[Free-text object descriptions]
::::
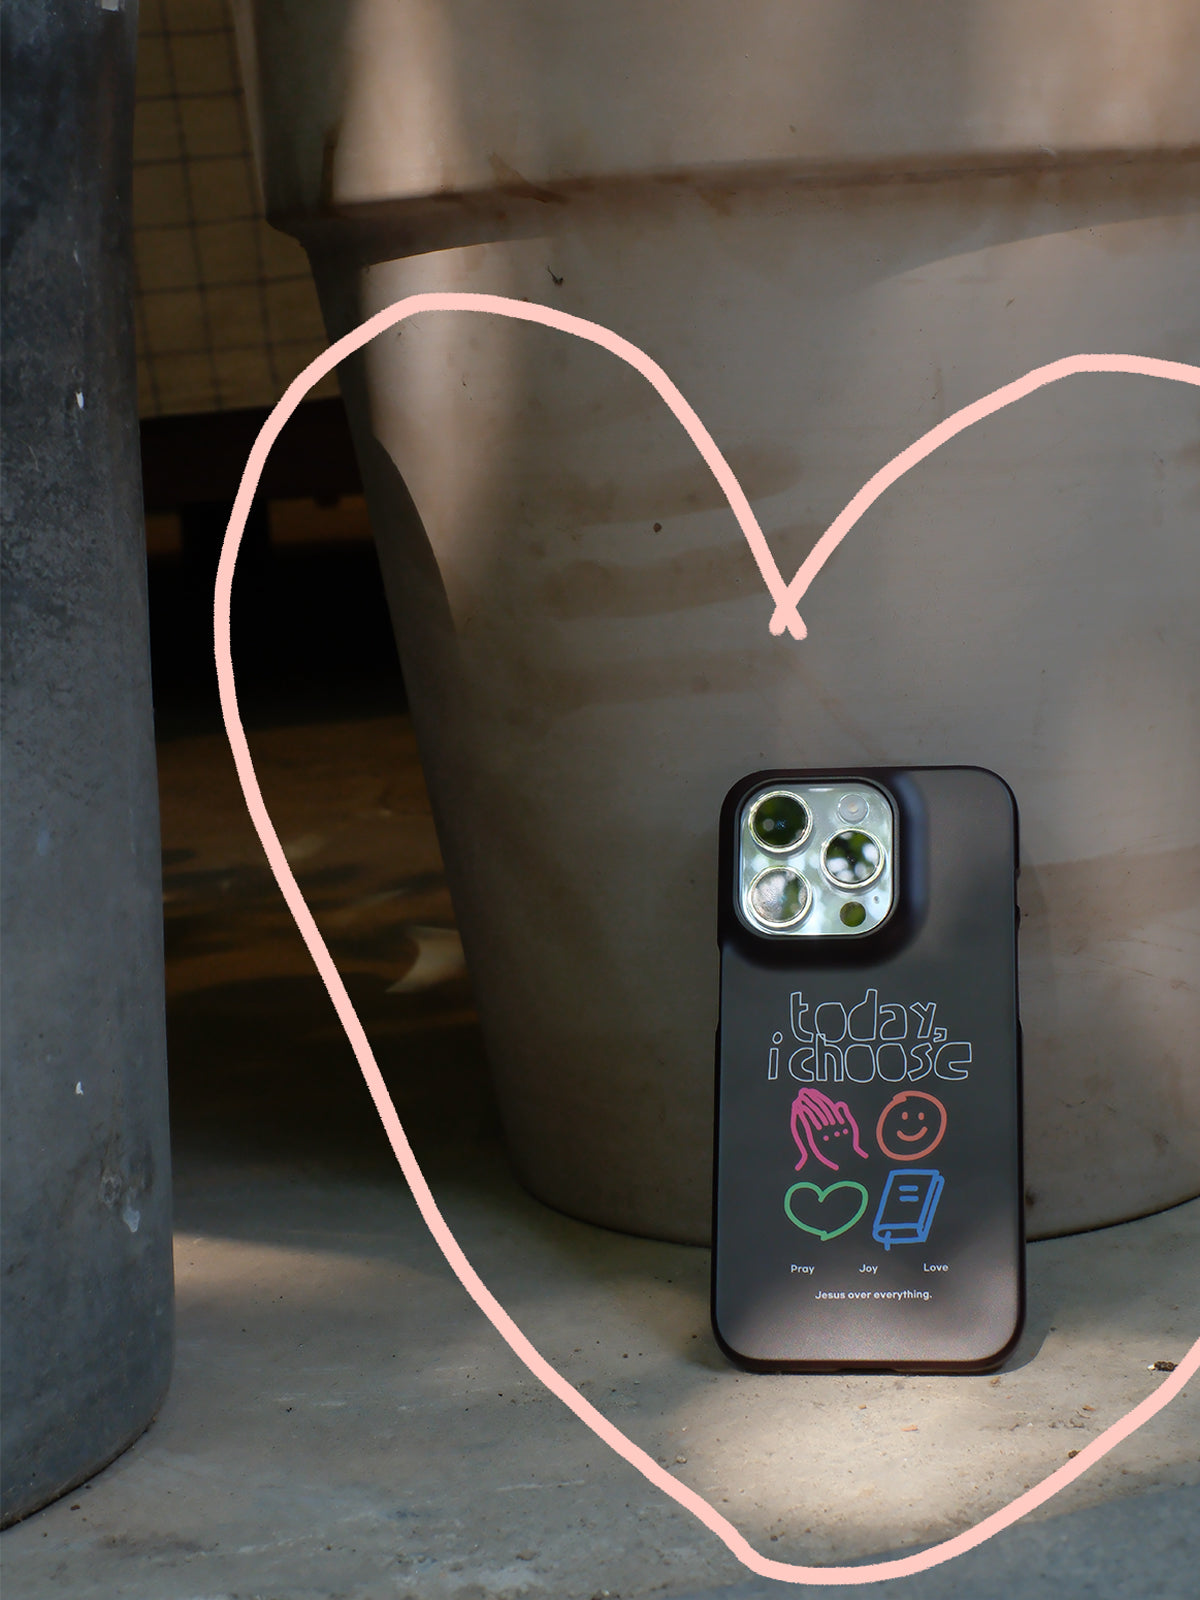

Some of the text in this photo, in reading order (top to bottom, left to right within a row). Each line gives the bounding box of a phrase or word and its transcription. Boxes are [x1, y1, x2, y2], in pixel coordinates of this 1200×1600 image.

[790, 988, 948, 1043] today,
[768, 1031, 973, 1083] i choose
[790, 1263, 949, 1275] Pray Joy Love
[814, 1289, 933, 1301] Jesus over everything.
::::
What you return must match the records exactly, apart from the images, which are omitted.

Some of the text in this photo, in reading order (top to bottom, left to right within a row). Each line gives the bounding box of a phrase or word and its transcription. Boxes are [x1, y1, x2, y2], in pixel coordinates of this 1200×1600 image.

[790, 988, 948, 1043] today,
[768, 1031, 973, 1083] i choose
[790, 1263, 949, 1275] Pray Joy Love
[814, 1289, 933, 1301] Jesus over everything.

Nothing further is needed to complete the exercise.